[Collected data]
################

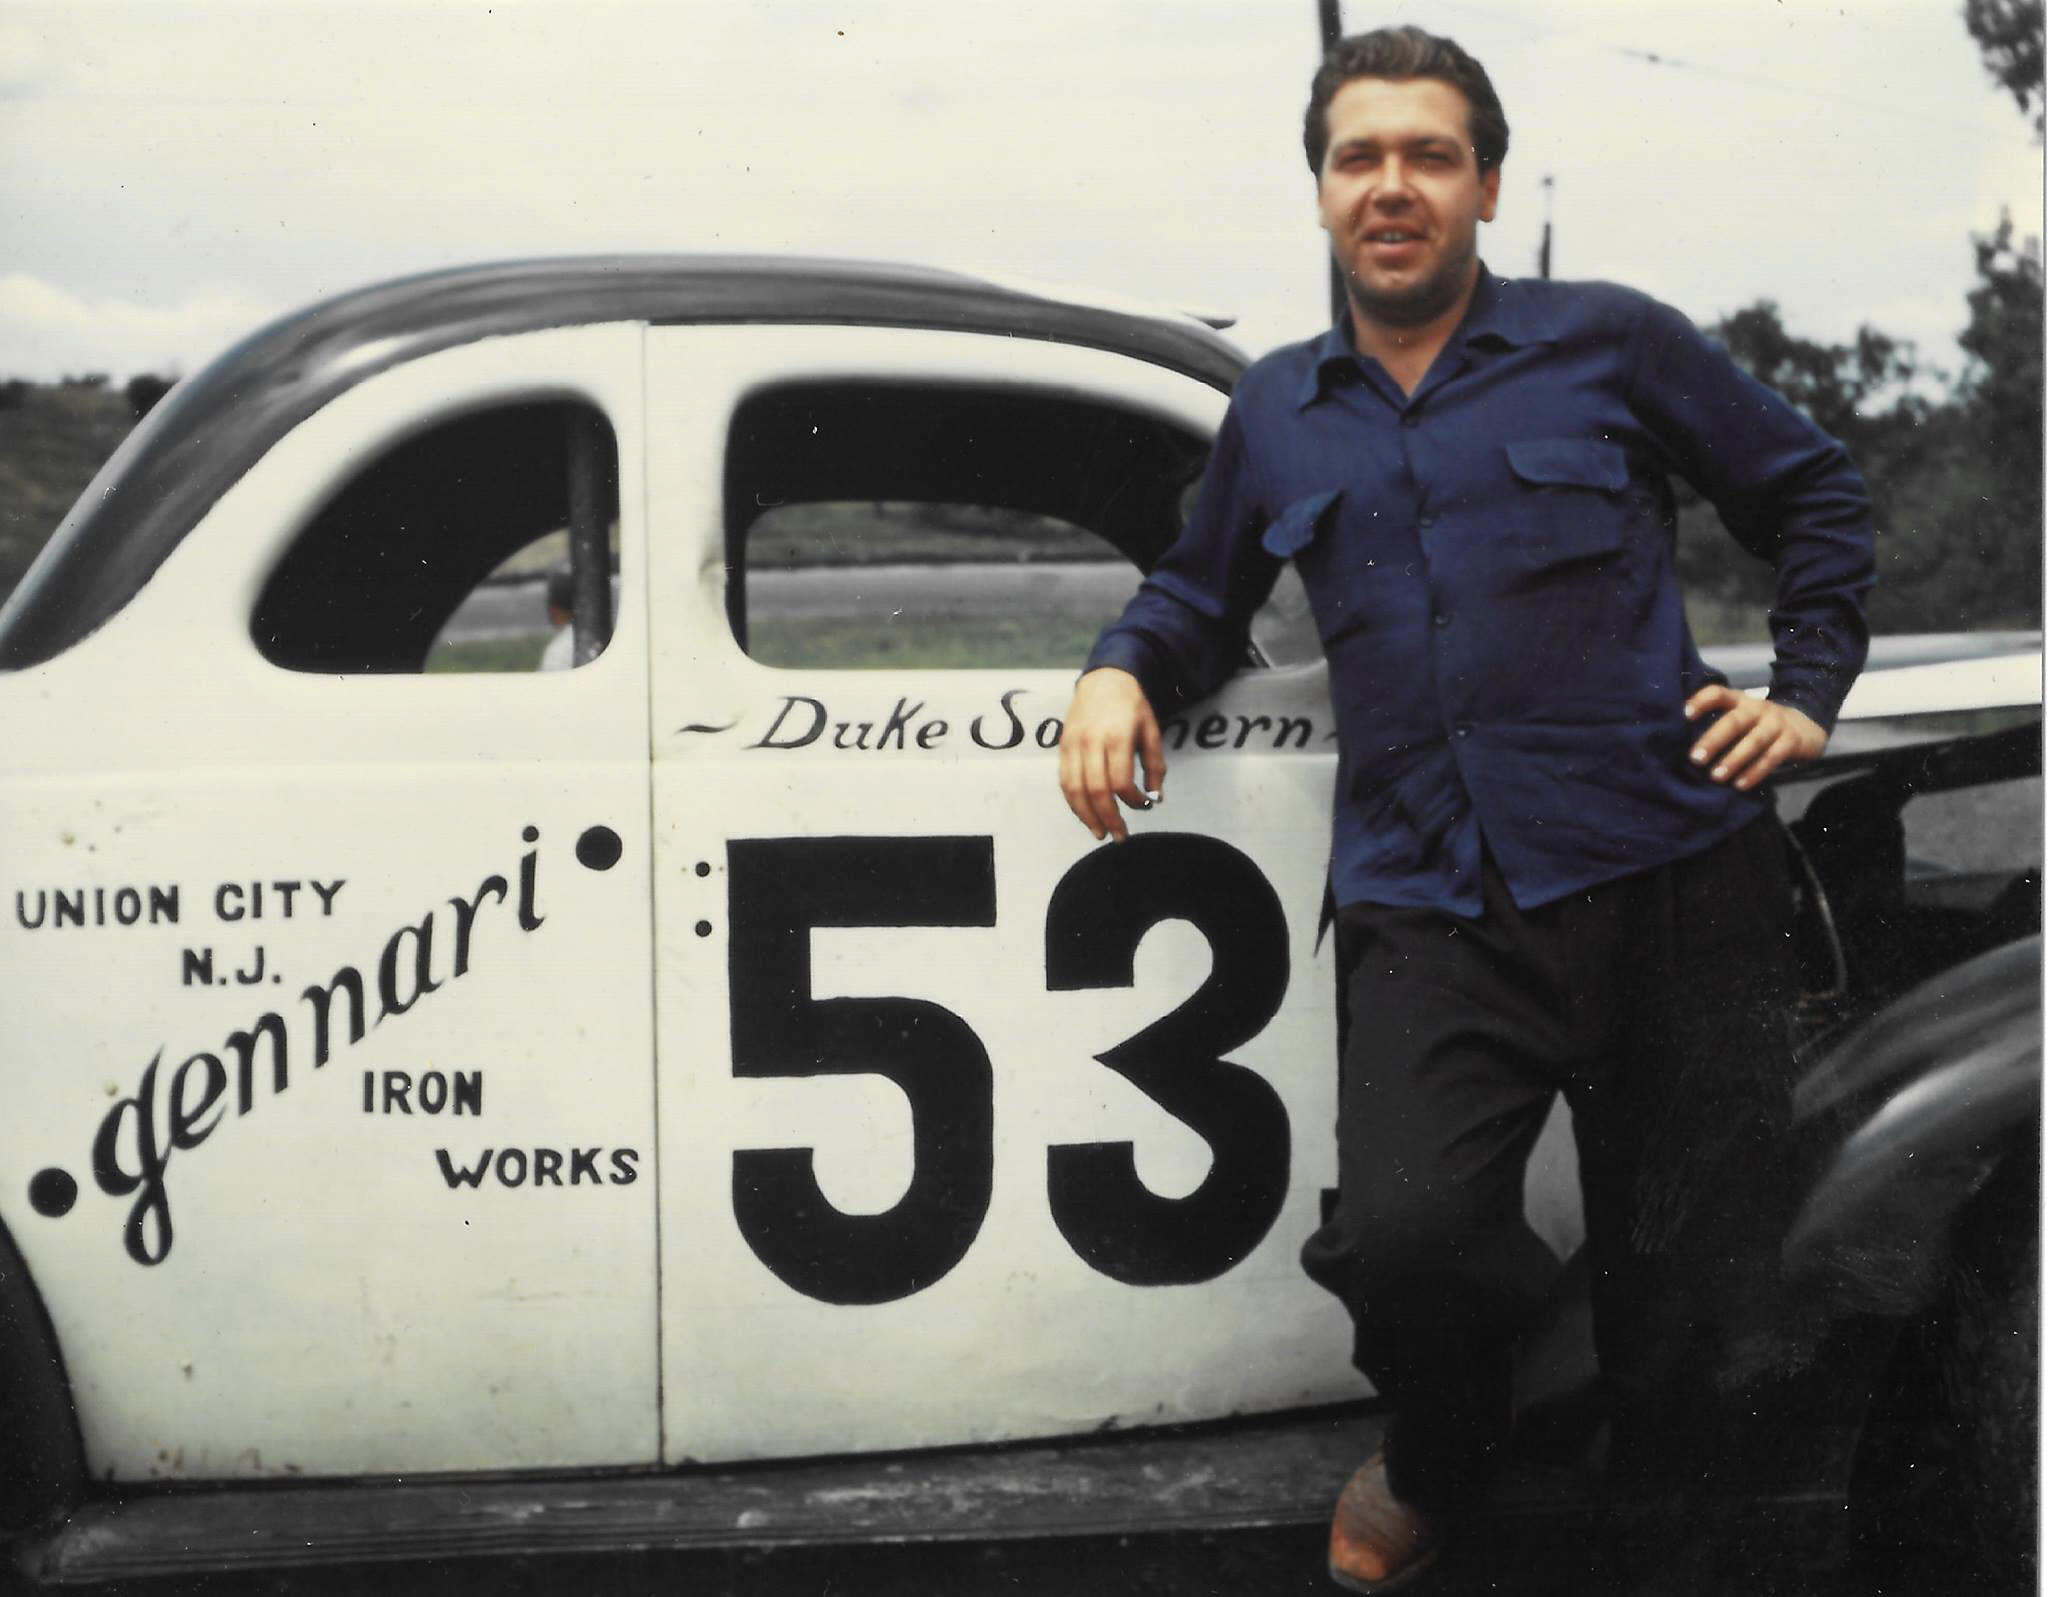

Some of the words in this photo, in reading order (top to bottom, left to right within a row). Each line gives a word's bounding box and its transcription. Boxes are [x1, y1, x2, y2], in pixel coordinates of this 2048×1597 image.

[748, 694, 949, 751] Duke
[969, 688, 1312, 751] Soern
[16, 884, 180, 930] UNION
[214, 879, 347, 923] CITY
[182, 946, 282, 986] N.J.
[92, 825, 546, 1267] gennari
[726, 831, 1336, 1306] 53
[362, 1070, 484, 1117] IRON
[435, 1146, 640, 1190] WORKS
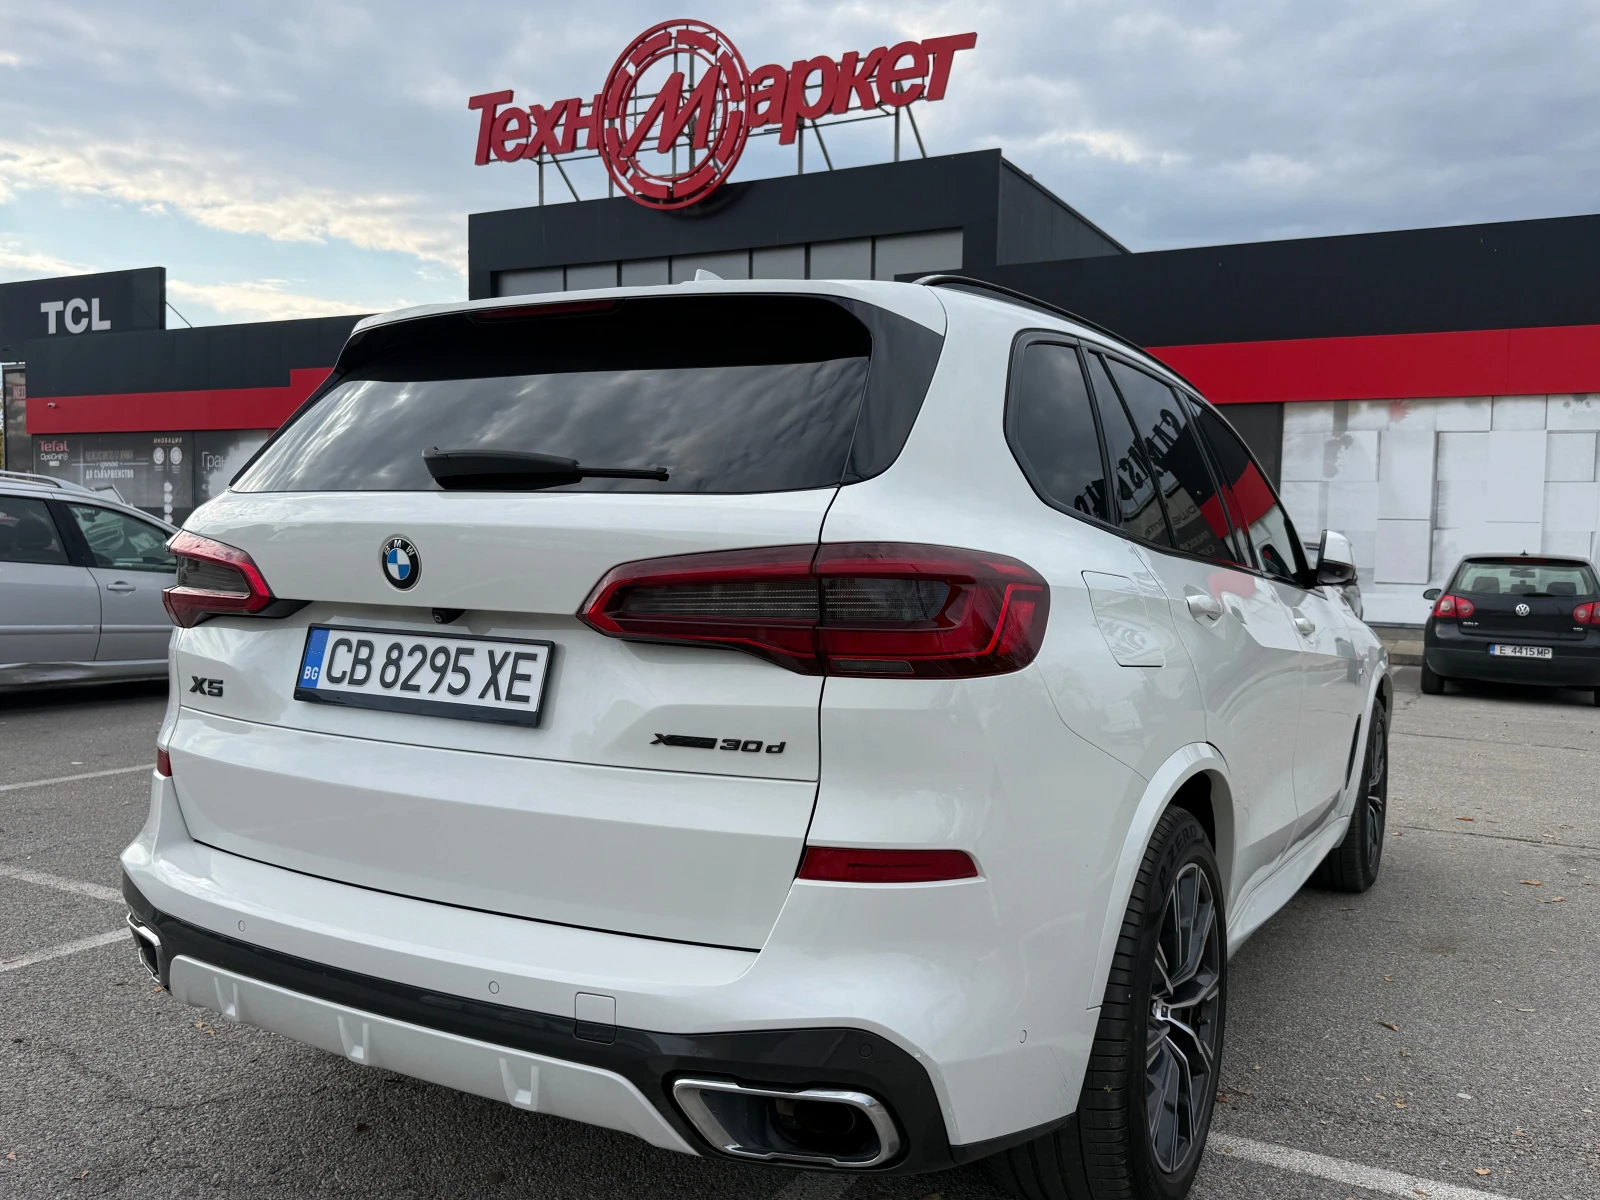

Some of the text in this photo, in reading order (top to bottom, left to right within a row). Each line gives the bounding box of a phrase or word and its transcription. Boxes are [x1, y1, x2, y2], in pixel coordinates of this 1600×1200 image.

[40, 297, 111, 334] TCL
[39, 440, 70, 452] Tefal
[384, 539, 415, 556] BMW
[1499, 645, 1506, 655] E
[1511, 646, 1536, 656] 4415
[1537, 648, 1551, 657] MP
[304, 666, 319, 680] BG
[326, 638, 538, 703] CB 8295 XE
[189, 675, 224, 697] X5
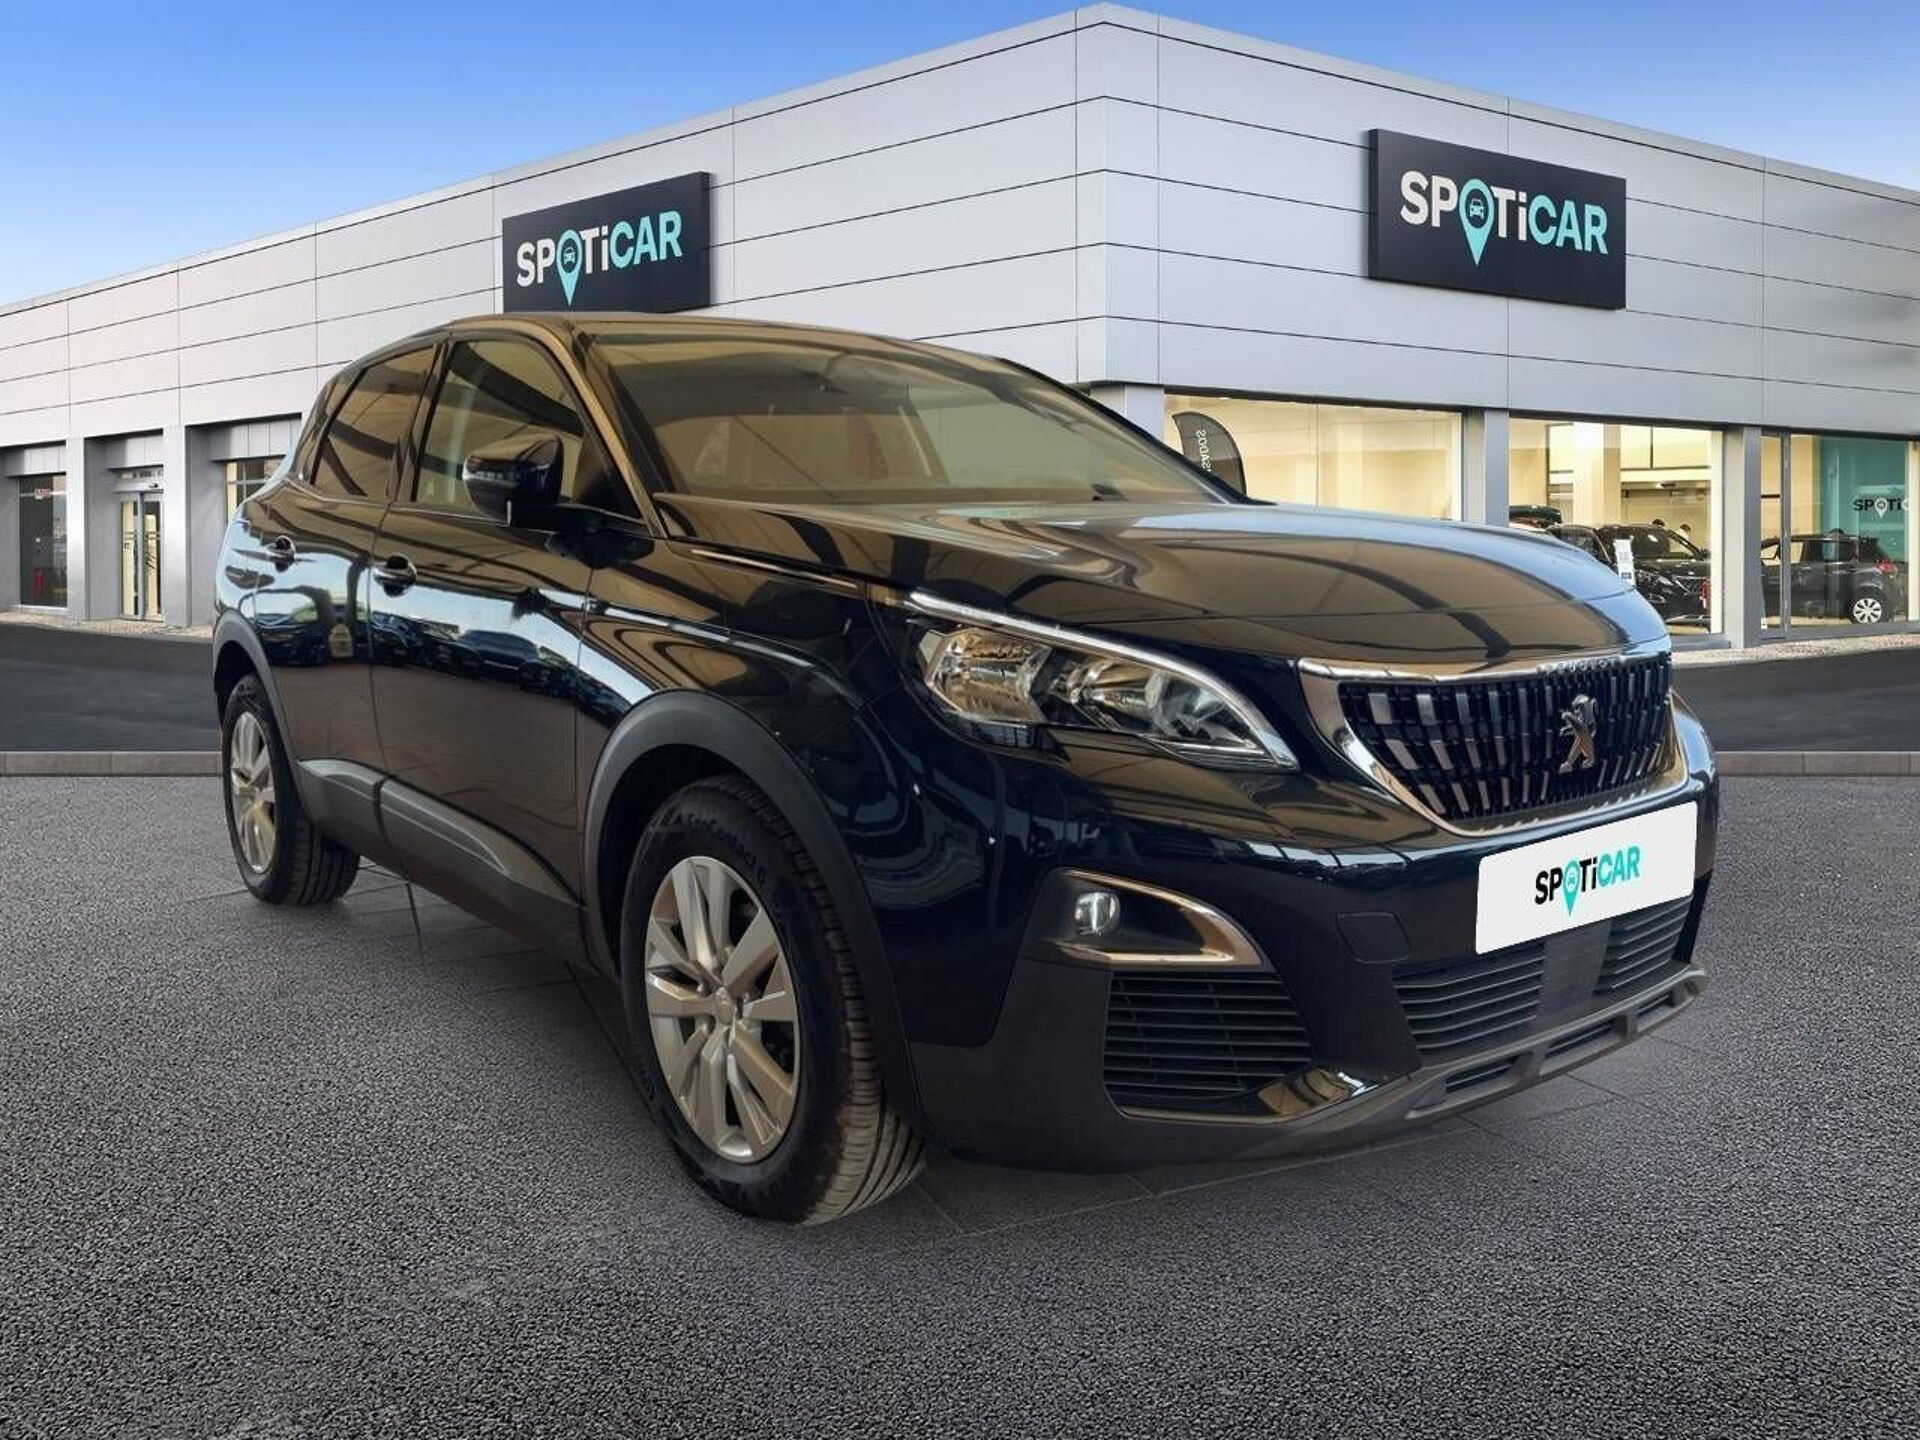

################

[What you have to do]
All lines above between the line that contains "Some of the text" and the last line of the entries, both included, must be transcribed exactly. No pictures are to appear.

[Solution to the exercise]
Some of the text in this photo, in reading order (top to bottom, left to right within a row). Each line gives the bounding box of a phrase or word and its transcription. Boxes are [x1, y1, x2, y2], in pixel coordinates of this 1600×1200 image.

[40, 297, 111, 334] TCL
[39, 440, 70, 452] Tefal
[384, 539, 415, 556] BMW
[1499, 645, 1506, 655] E
[1511, 646, 1536, 656] 4415
[1537, 648, 1551, 657] MP
[304, 666, 319, 680] BG
[326, 638, 538, 703] CB 8295 XE
[189, 675, 224, 697] X5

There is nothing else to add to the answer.